Dec 22, 2024

Local Governments Can Override Initiatives That Could Decrease Housing Shortages

by Maureen Rubin | Apr 10, 2024
Construction site with scaffolding for multi-unit residential buildings. Photo Source: Adobe Stock Image

California passed Senate Bill 10 in 2023 to allow counties and cities the right to override some local housing initiatives that enacted housing density caps. The bill authorizes the construction of up to ten units on a single-land parcel without requiring the review mandated under the California Environmental Quality Act. The law was challenged on grounds it was unconstitutional, but a Los Angeles County Superior Court Judge denied the petitioners’ request for a writ of mandate.

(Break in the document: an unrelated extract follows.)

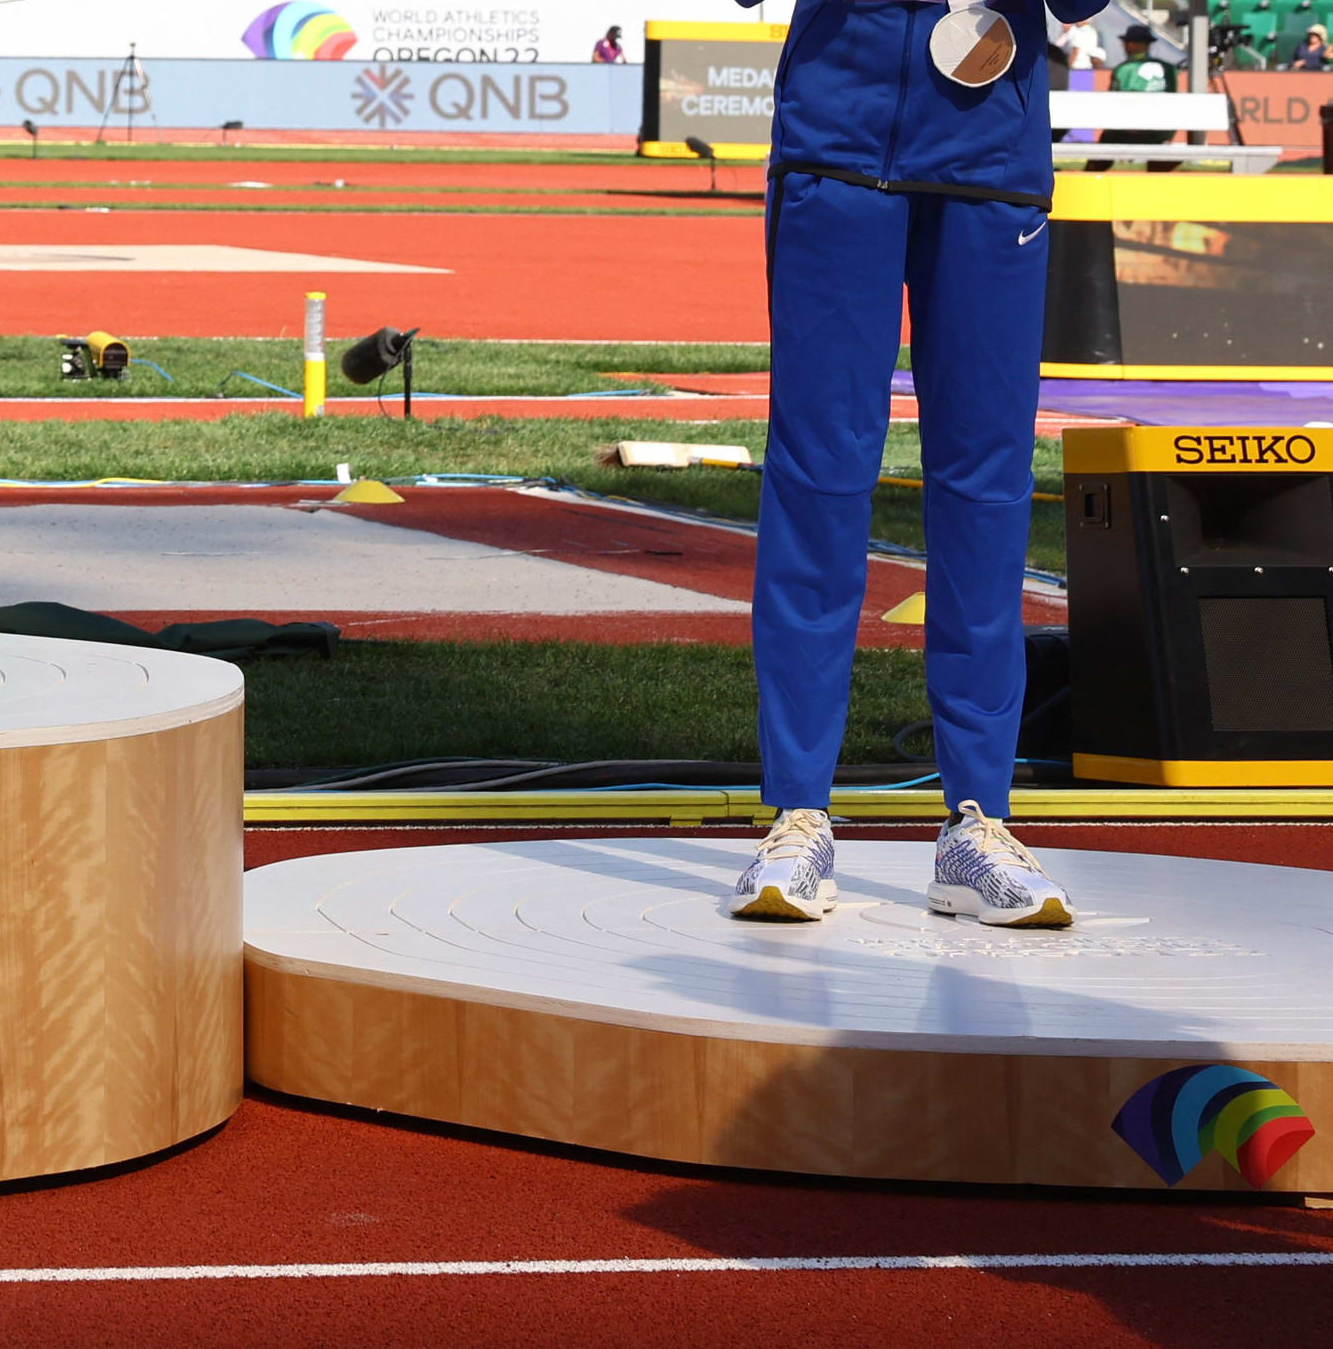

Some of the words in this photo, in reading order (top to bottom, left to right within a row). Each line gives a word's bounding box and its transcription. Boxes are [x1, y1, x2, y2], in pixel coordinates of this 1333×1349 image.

Now, an appellate court has affirmed the right of cities to enact parcel-by-parcel ordinances that permit high-density housing without voter approval.

Government Code § 65913.5 is a temporary measure that ends on the last day of 2028. It says that “local governments may adopt ordinances to zone parcels for up to 10 units of residential density per parcel.” The AIDS Healthcare Foundation filed a petition that challenged the law because it expanded “initiative override provisions.” The City of Redondo Beach joined AHF’s petition that sought a writ to limit cities’ power to enact the ordinances that sponsors say will help address the State’s growing housing crisis.

A unanimous three-justice panel from Division Two of California’s Second Appellate Division affirmed the ruling of Los Angeles County Superior Court Judge James C. Chalfant on March 28. Chalfant said that the bill and Government code section “did not unconstitutionally invade the state’s initiative power because the Legislature possesses the power to invalidate existing local voter initiatives and to preclude the enactment of new voter initiatives and…Senate Bill 10 merely takes the smaller of step of allowing local legislative bodies to ‘override such initiatives upon a two-thirds vote.’”

The affirming appellate opinion was authored by Justice Brian M. Hoffstadt with concurrences by Presiding Justice Elwood Lui and Justice Victoria M. Chavez. Hoffstadt began the opinion by asking, “Does this legislation violate the initiative power enshrined in article II, section 11 of the California Constitution? We conclude that it does not.”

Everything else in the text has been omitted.